### MATERIAL FOR THIS TASK
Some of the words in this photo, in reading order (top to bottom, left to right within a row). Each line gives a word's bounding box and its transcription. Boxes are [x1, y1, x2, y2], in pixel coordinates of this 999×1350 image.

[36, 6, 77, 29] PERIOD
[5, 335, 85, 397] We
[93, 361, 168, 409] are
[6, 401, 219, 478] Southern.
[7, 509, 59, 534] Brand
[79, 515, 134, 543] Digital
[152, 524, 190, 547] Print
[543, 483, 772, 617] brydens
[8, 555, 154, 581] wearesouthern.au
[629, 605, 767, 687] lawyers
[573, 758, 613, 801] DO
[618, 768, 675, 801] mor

### WHAT YOU HAVE TO DO
Copy out the entire listing above exactly.

### SOLUTION TO THE PROBLEM
Some of the words in this photo, in reading order (top to bottom, left to right within a row). Each line gives a word's bounding box and its transcription. Boxes are [x1, y1, x2, y2], in pixel coordinates of this 999×1350 image.

[36, 6, 77, 29] PERIOD
[5, 335, 85, 397] We
[93, 361, 168, 409] are
[6, 401, 219, 478] Southern.
[7, 509, 59, 534] Brand
[79, 515, 134, 543] Digital
[152, 524, 190, 547] Print
[543, 483, 772, 617] brydens
[8, 555, 154, 581] wearesouthern.au
[629, 605, 767, 687] lawyers
[573, 758, 613, 801] DO
[618, 768, 675, 801] mor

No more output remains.